Ovulation induction in patients with clomiphene citrate-resistant polycystic ovary syndrome remains a clinical challenge. Therapeutic options are either ovulation induction with gonadotrophins or ovarian surgery. Laparoscopic electrocautery of the ovaries is a single minimally invasive procedure, leading to monofollicular development, which eliminates the need for cycle monitoring. In addition, some clomiphene citrate-resistant patients respond once again to clomiphene citrate after electrocautery of the ovaries. Disadvantages are the fact that laparoscopic electrocautery is a surgical procedure requiring general anaesthesia, the potential risk of thermal damage to adjacent organs, possible adhesion formation, and the fact that possible long-term effects on ovarian function are unknown.

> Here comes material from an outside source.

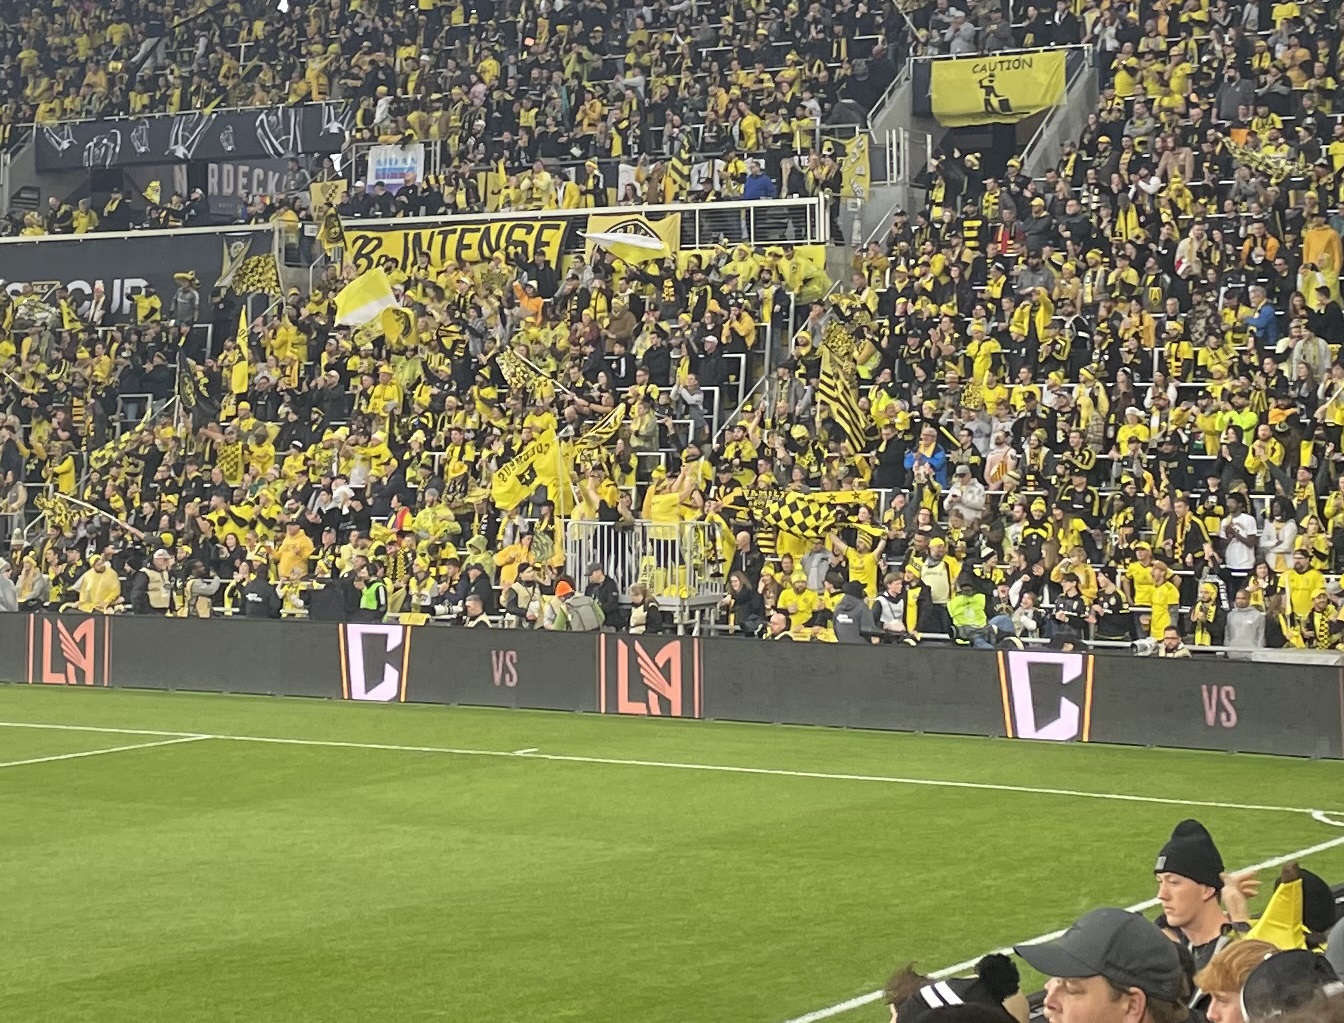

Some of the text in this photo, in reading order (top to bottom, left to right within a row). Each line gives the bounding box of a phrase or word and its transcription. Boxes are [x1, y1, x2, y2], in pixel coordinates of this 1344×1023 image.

A large randomised clinical trial showed that an electrocautery strategy that started with laparoscopic electrocautery of the ovaries followed by CC and rFSH if anovulation persisted with rFSH is equivalent to ovulation induction in terms of ongoing pregnancy rate within a time span of 12 months, but with a significantly lower risk of multiple pregnancy. No differences were found in patients' health-related quality of life, costs, and patients' preferences. In view of these data, the electrocautery strategy should be the treatment of choice.